Rail characteristics
- No. of tracks: 1 (circa 1918–1970)

History
- Designer: William Jackson, City Engineer
- Engineering design by: Boston Public Works
- Constructed by: New England Structural Company (superstructure), W. H. Ellis Co. (piers & abutments)
- Built: 1905–1908
- Opened: October 24, 1908
- Closed: November 1997 (to vehicles) December 2014 (fully)
- Replaced by: Evelyn Moakley Bridge

Location
- Interactive map of Northern Avenue Bridge

References

= Northern Avenue Bridge =

Bridge in Boston, Massachusetts, United States of America

The Northern Avenue Bridge is a swing bridge that spans the Fort Point Channel of Boston, Massachusetts. Following its closure as a road bridge in 1997, various redevelopment schemes have been proposed for the bridge, as well as outright demolition of the span.

In Historic American Engineering Record (HAER) documentation, the bridge is referred to as the Northern Avenue Swing Bridge. It is sometimes known as the Old Northern Avenue Bridge, as its replacement was briefly known as the New Northern Avenue Bridge before it was officially named the Evelyn Moakley Bridge.

==History==
The swing bridge was constructed from 1905 to 1908, and opened to the public on October 24, 1908. Originally a steam engine and then later an electric compressed air system was used to rotate the center part of the span to allow water traffic to pass. Boston's city engineer, William Jackson, was the designer. Historic American Engineering Record (HAER) documentation notes that "Some of the operating machinery of the draw span for the Northern Avenue Bridge was identical to that of the Charlestown Bridge when originally constructed." The total length of the bridge is approximately 640 ft; the moveable center section is approximately 285 ft long. The original approaches were dirt.

From 1912 to 1948, a firehouse constructed on piers abutted the bridge, serving Fireboat Engine Company 44 of the Boston Fire Department. Historical photos show that the firehouse and berth of the fireboat were located in the channel on the north side of the bridge, located east of the center span. The engine company relocated to the North End in October 1948, and the abandoned firehouse collapsed into the harbor in 1968. The bridge malfunctioned in March 1953 and hit some trash piled too high on a barge headed from Fort Hill Wharf to the dump at Spectacle Island.

The center span of the truss carried a single track for the Union Freight Railroad, although it was designed for two tracks.

The bridge was closed to vehicle traffic on November 8, 1997, shortly after the Evelyn Moakley Bridge was completed, but remained open as a pedestrian bridge. In December 2014, it was fully closed after inspectors found that 13 floor beams were unsafe for pedestrians.

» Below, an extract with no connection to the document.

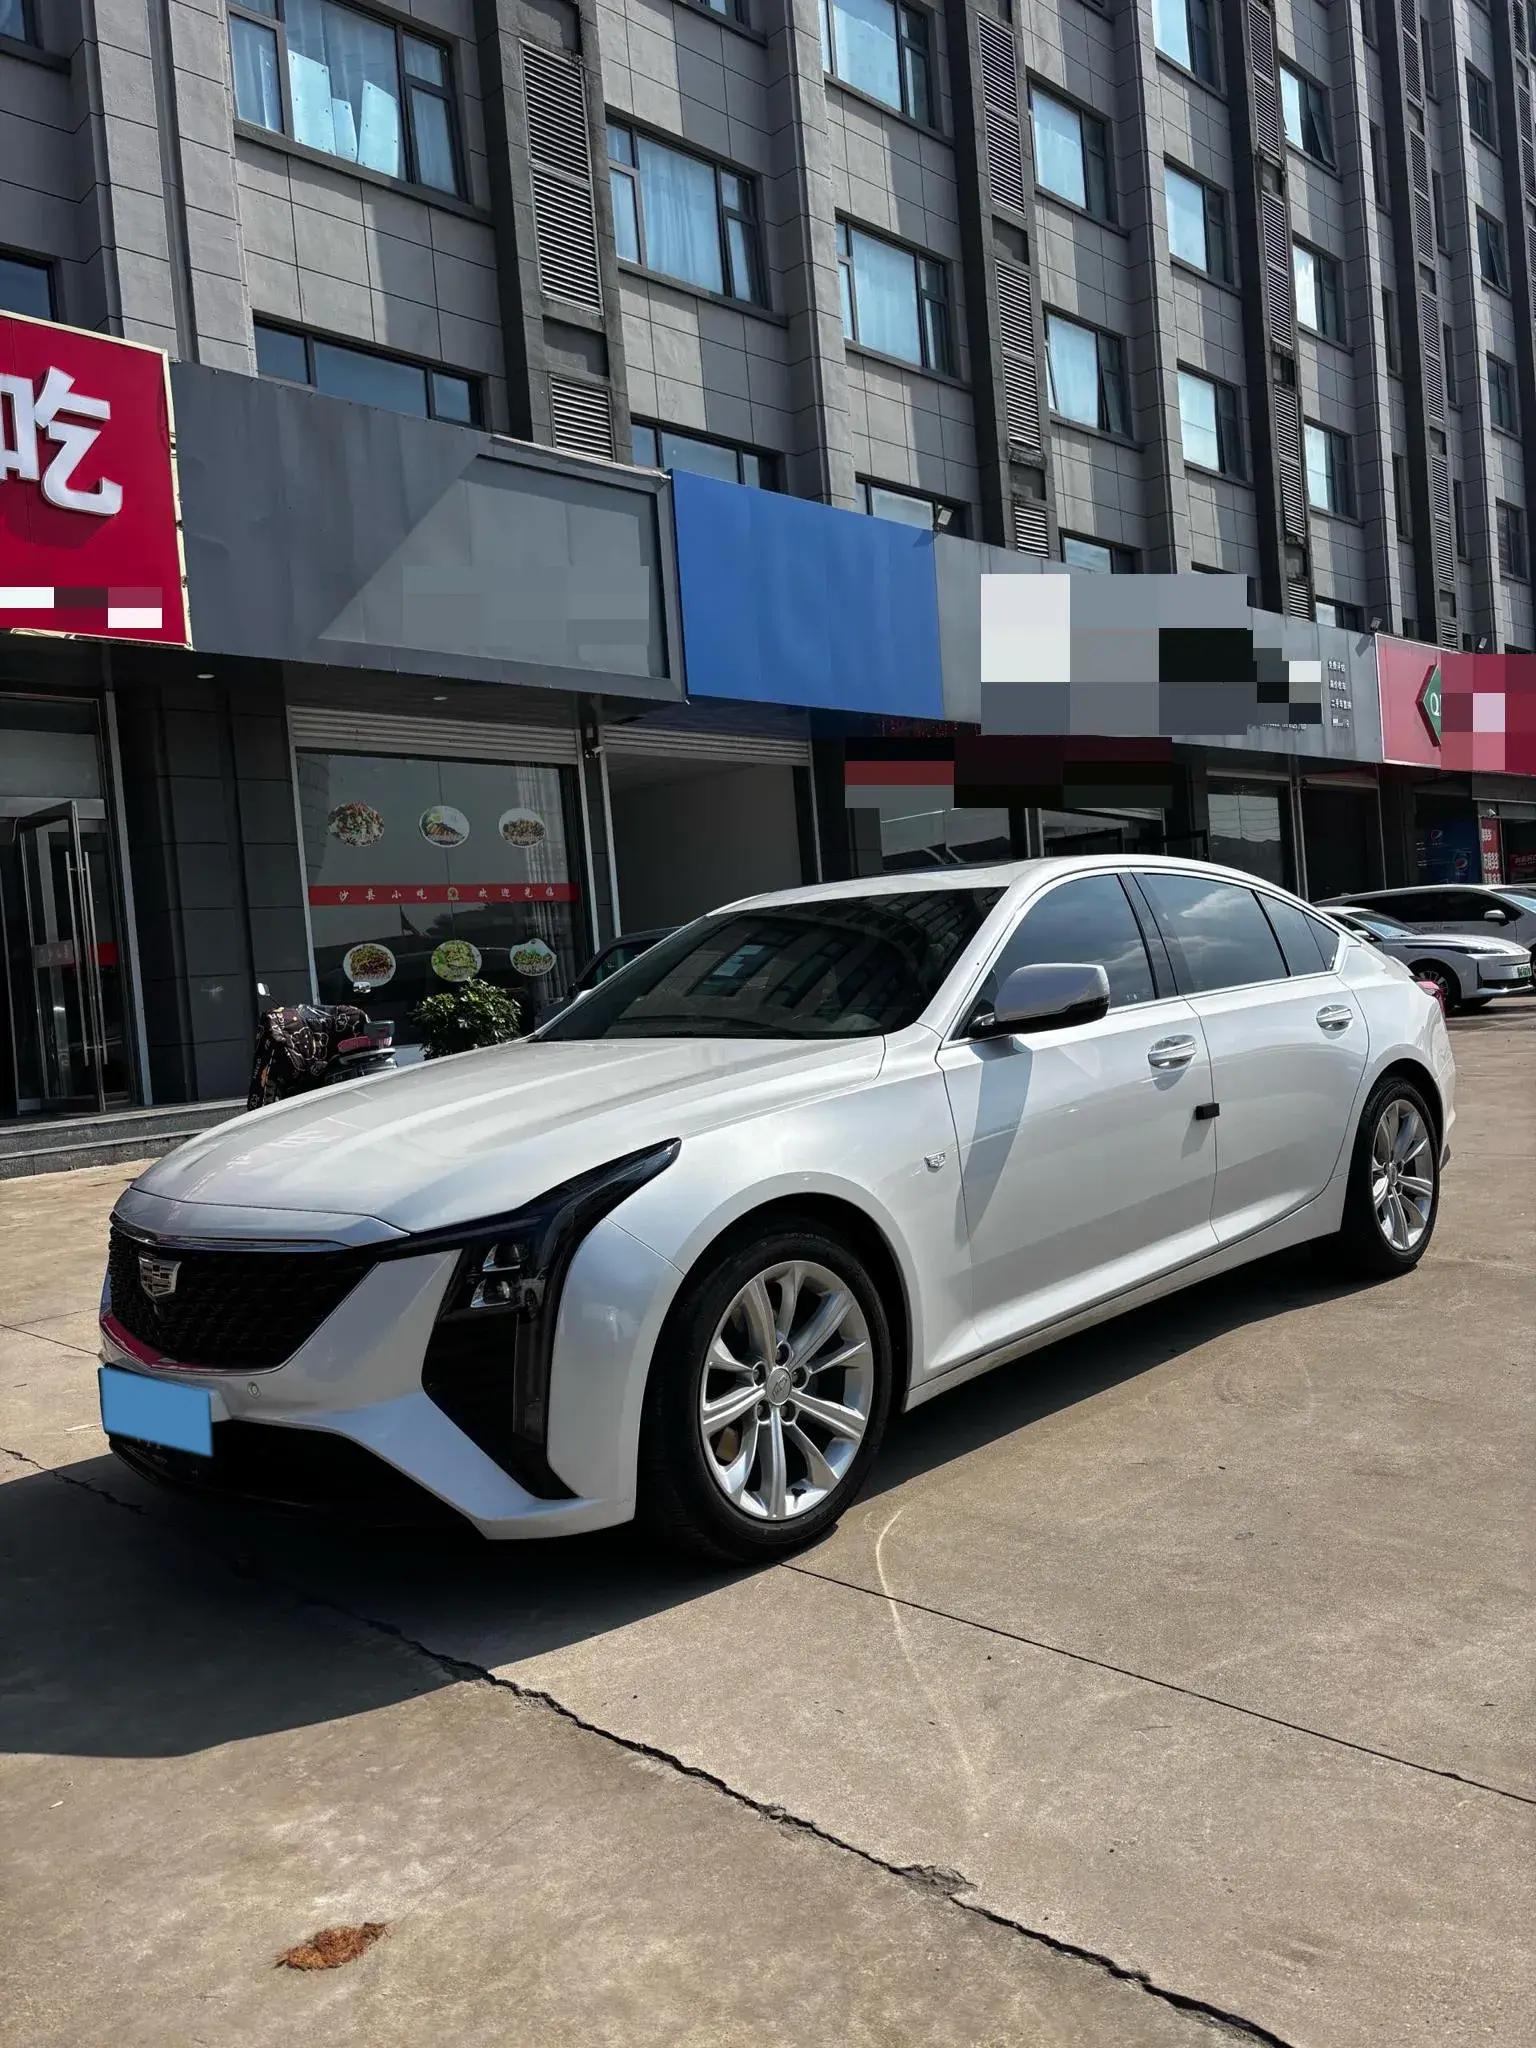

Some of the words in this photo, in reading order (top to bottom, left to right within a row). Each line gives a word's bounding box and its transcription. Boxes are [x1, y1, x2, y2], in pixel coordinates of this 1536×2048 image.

[0, 366, 123, 517] 吃
[338, 888, 428, 902] 沙县小吃
[478, 887, 555, 898] 欢迎光临

In a letter dated October 26, 2015, the Coast Guard informed the City of Boston that the bridge was a "hazard to navigation", due to the risk of it falling into the Fort Point Channel, and requested removal of its most vulnerable portion.

===Replacement plans===
On January 20, 2016, Boston.com and The Boston Globe reported that the City of Boston would spend $100 million to reopen the bridge, as part of its agreement to bring General Electric's headquarters to the South Boston Waterfront. The following day, the Globe reported that the bridge would instead be removed, and possibly replaced. The Globe also reported that options to save the bridge ranged in cost from $26 million to over $70 million, per the City of Boston.

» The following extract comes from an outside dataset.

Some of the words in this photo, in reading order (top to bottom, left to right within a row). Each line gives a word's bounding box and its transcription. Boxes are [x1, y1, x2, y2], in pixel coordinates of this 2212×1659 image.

Later in the spring, the City of Boston and the Boston Society of Architects sponsored an "ideas competition" for reconstruction or replacement of the bridge.

In December 2019, city officials announced that the bridge would be rebuilt for use solely by pedestrians and bicyclists. Updated plans were announced in May 2020; design was expected to be finalized by the end of 2020 and construction to begin in 2021. However, the project was delayed due to the COVID-19 pandemic and the resignation of Mayor Marty Walsh.

===Demolition plan===
On November 4, 2024, the City of Boston submitted a Project Notification Form to the Massachusetts Historical Commission setting out its plan to demolish the bridge. The plan calls for the removal of the superstructure and the repair of the piers.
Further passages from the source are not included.